__EXERCISE GOAL__
All records must be quoted exactly. Omit the pictures.

__Stored data entries__
════

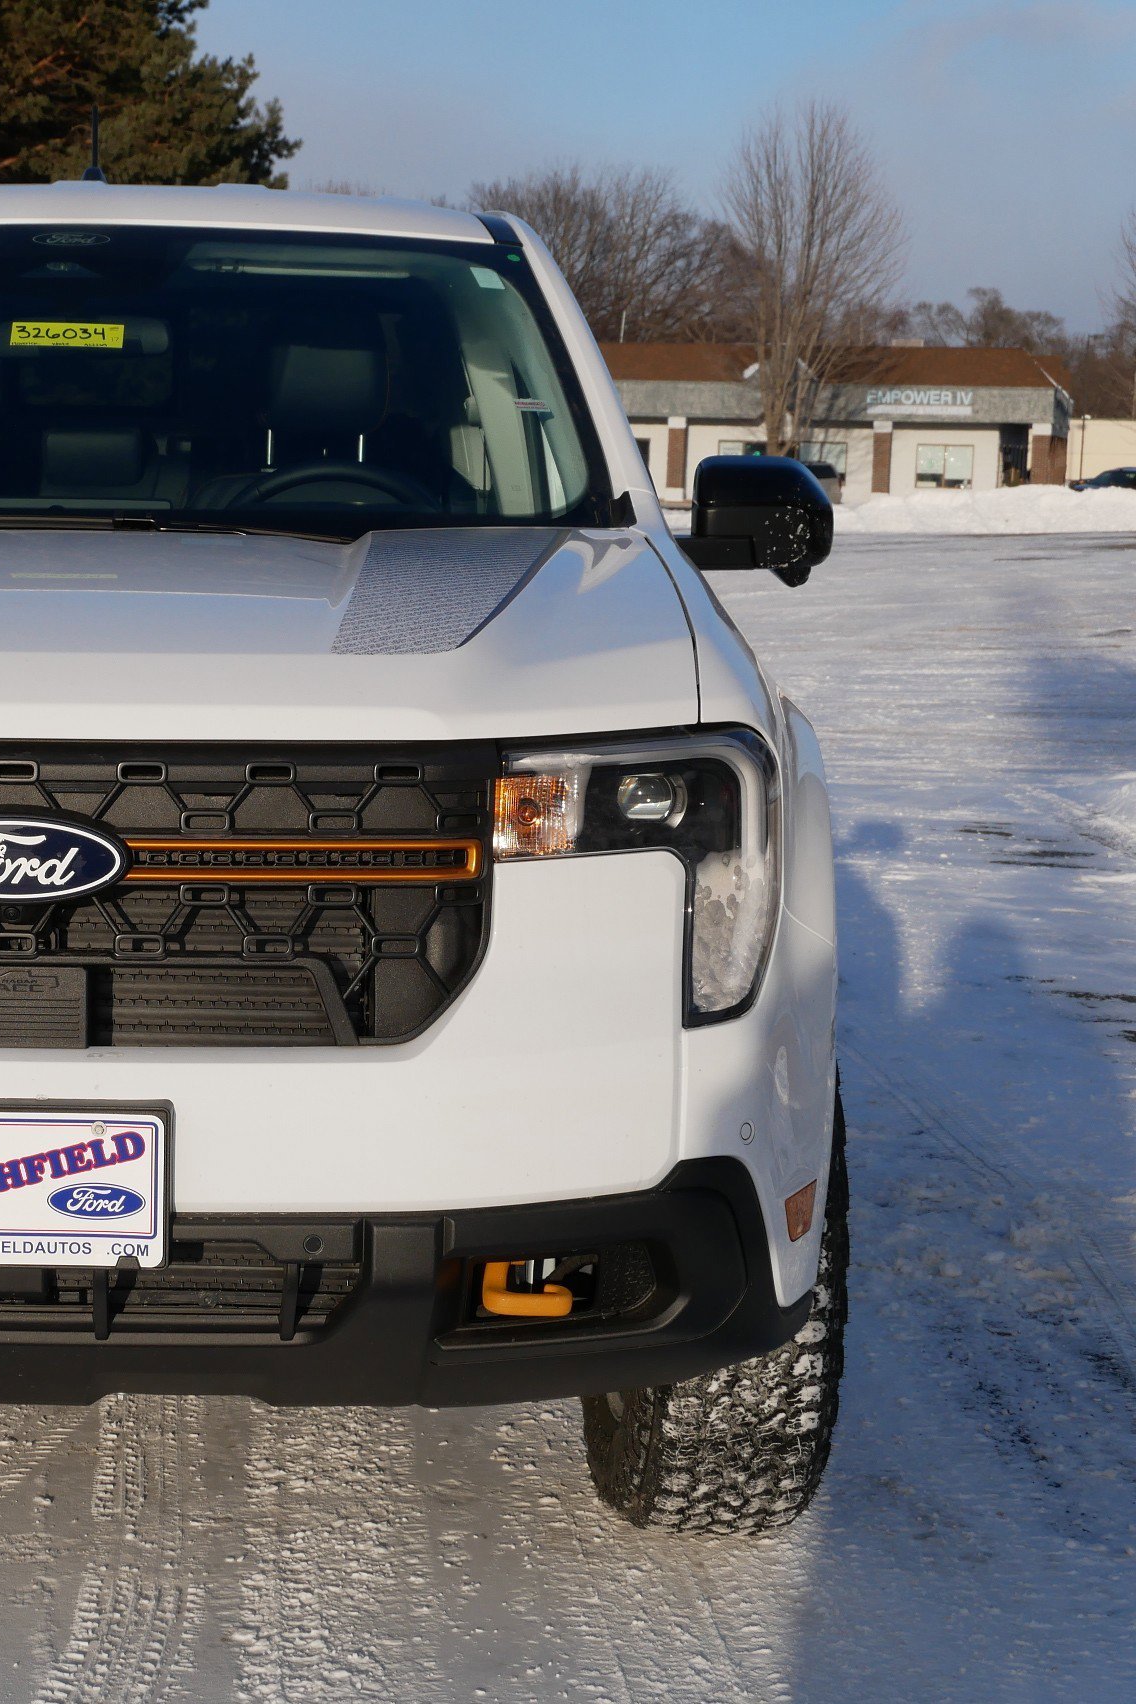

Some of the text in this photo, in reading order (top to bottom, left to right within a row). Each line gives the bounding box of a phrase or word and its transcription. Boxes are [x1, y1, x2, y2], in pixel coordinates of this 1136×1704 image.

[46, 233, 97, 244] Ford
[16, 325, 106, 340] 326034
[866, 390, 973, 405] EMPOWER IV
[66, 1188, 125, 1213] Ford
[107, 1242, 149, 1257] .COM
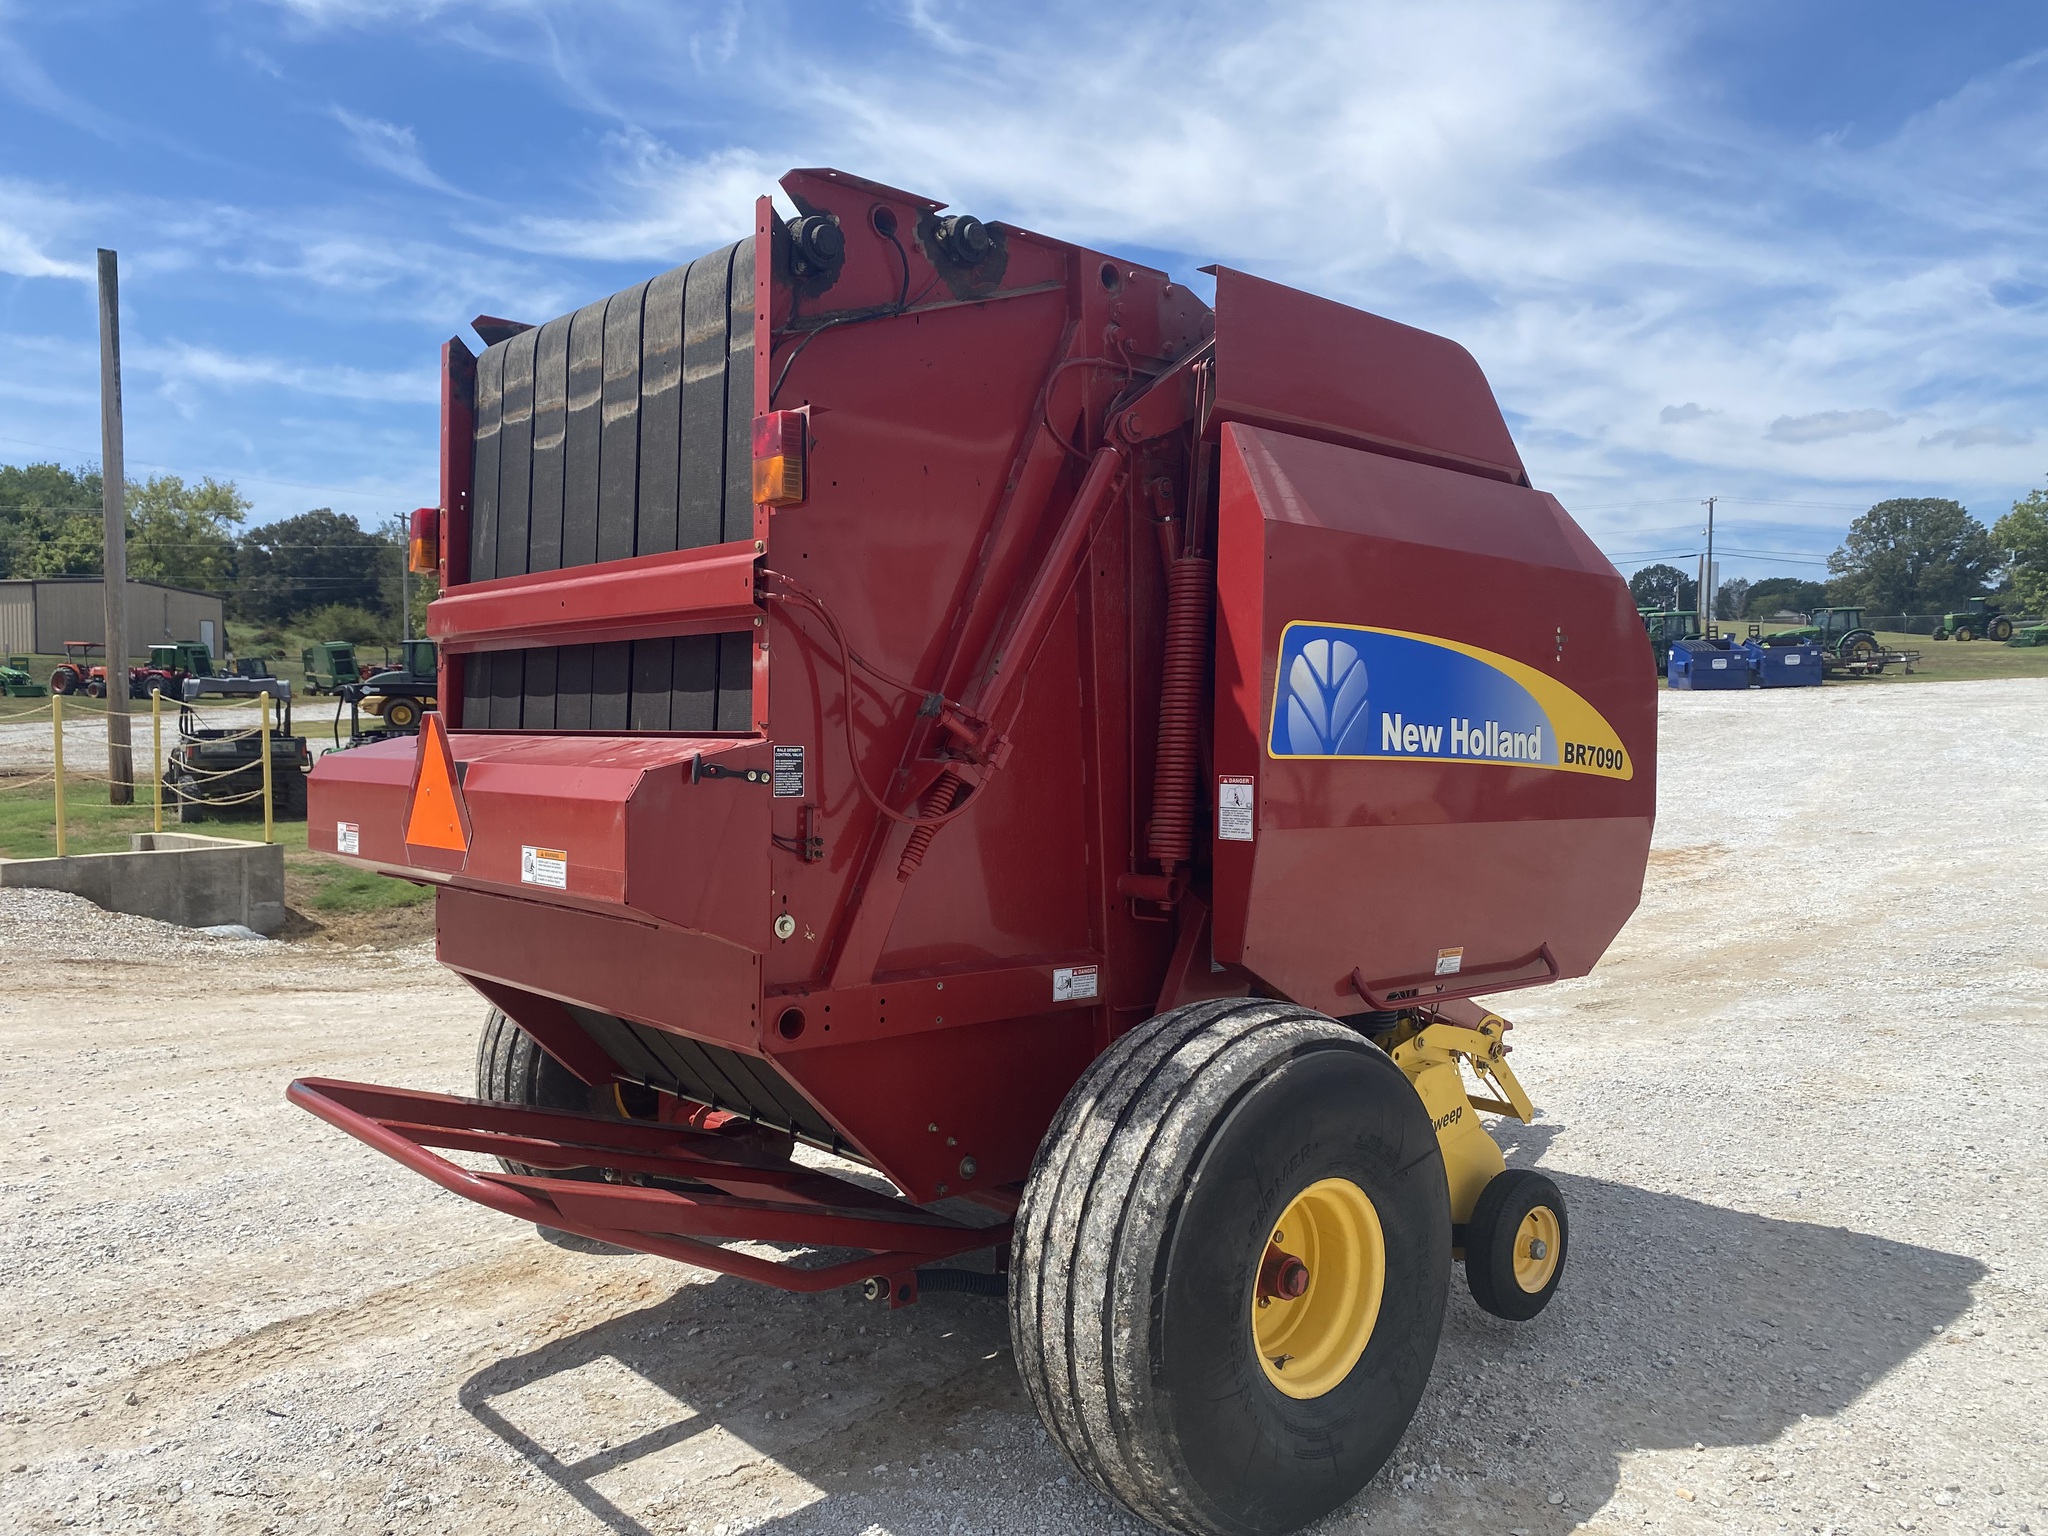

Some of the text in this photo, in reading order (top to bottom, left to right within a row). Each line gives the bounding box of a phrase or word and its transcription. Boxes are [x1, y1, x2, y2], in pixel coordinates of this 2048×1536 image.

════

__PROBLEM SOLUTION__
Some of the text in this photo, in reading order (top to bottom, left to right within a row). Each line gives the bounding box of a phrase or word and its transcription. Boxes are [x1, y1, x2, y2], in pixel coordinates of this 1136×1704 image.

[46, 233, 97, 244] Ford
[16, 325, 106, 340] 326034
[866, 390, 973, 405] EMPOWER IV
[66, 1188, 125, 1213] Ford
[107, 1242, 149, 1257] .COM

Some of the text in this photo, in reading order (top to bottom, left to right within a row). Each line gives the bounding box of a phrase or word and its transcription. Boxes are [x1, y1, x2, y2], in pixel coordinates of this 2048×1536 image.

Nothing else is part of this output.